Saved entries
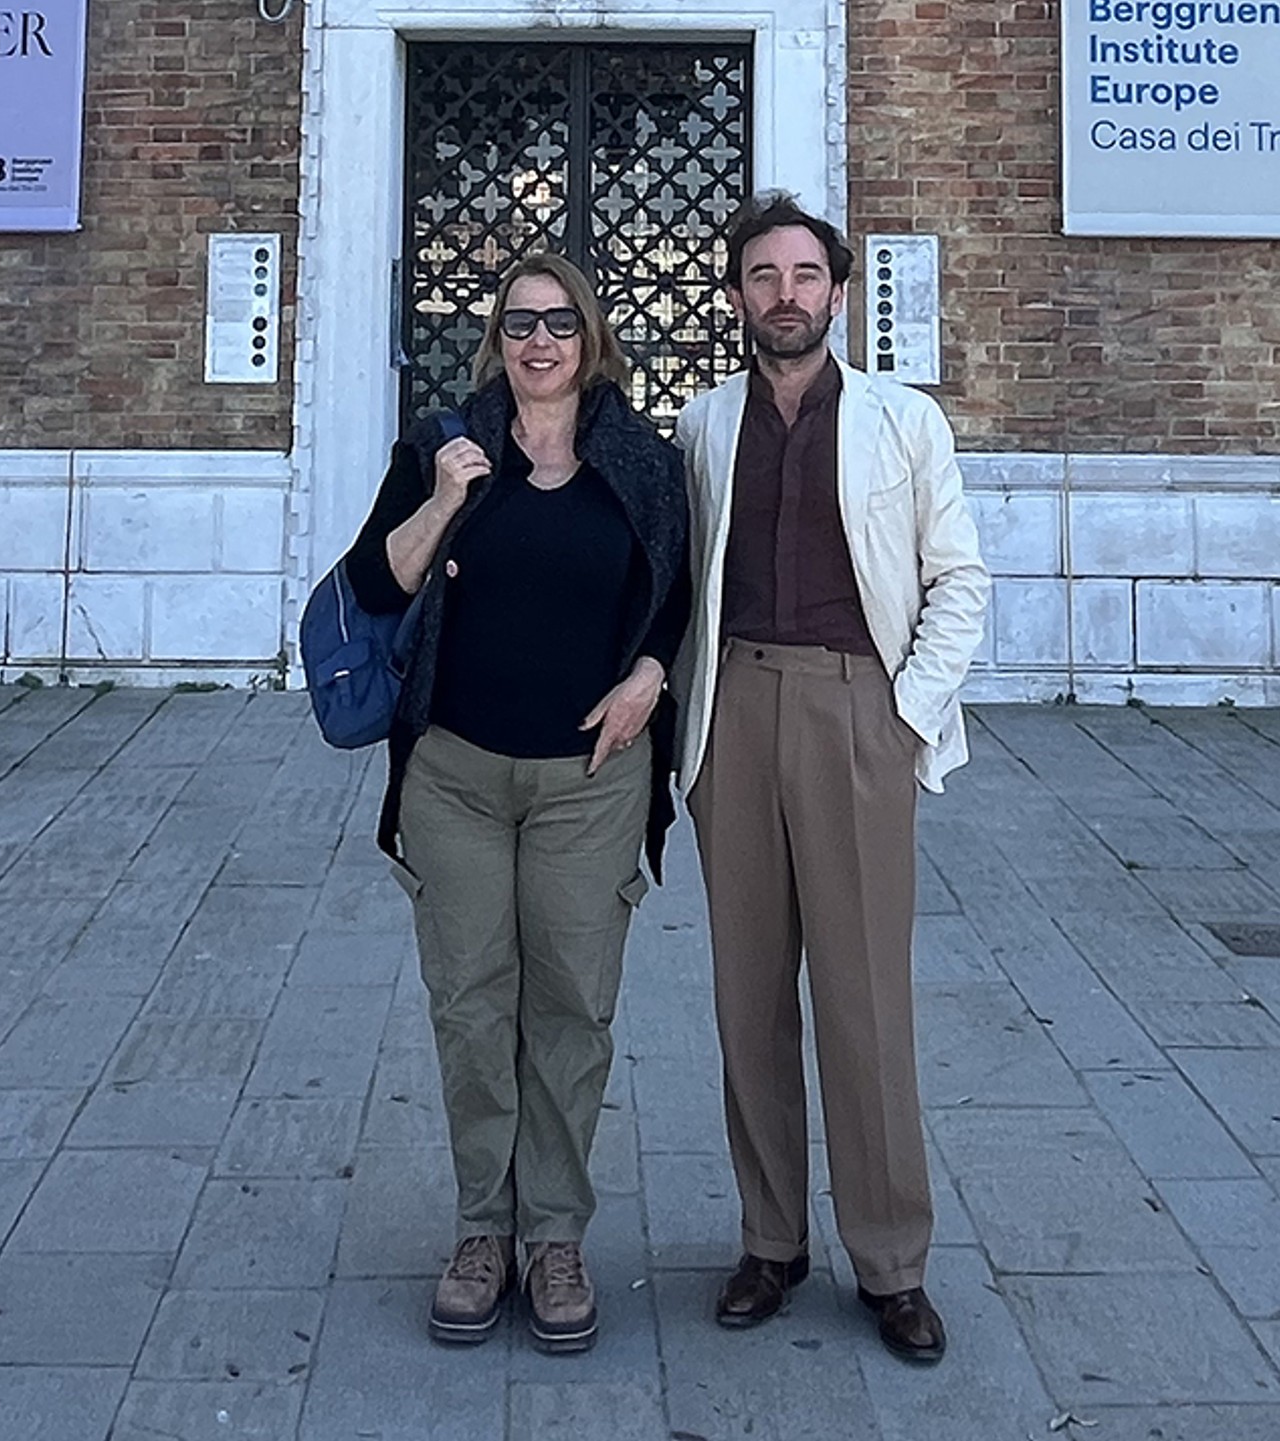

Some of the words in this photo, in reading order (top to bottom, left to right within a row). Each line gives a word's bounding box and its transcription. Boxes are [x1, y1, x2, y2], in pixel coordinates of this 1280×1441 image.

[1090, 33, 1239, 64] Institute
[1090, 75, 1219, 111] Europe
[1090, 119, 1177, 151] Casa
[1187, 121, 1240, 152] dei

_Work task_
An exact transcription of all the entries is required, without the pictures.

_Output below_
Some of the words in this photo, in reading order (top to bottom, left to right within a row). Each line gives a word's bounding box and its transcription. Boxes are [x1, y1, x2, y2], in pixel coordinates of this 1280×1441 image.

[1090, 33, 1239, 64] Institute
[1090, 75, 1219, 111] Europe
[1090, 119, 1177, 151] Casa
[1187, 121, 1240, 152] dei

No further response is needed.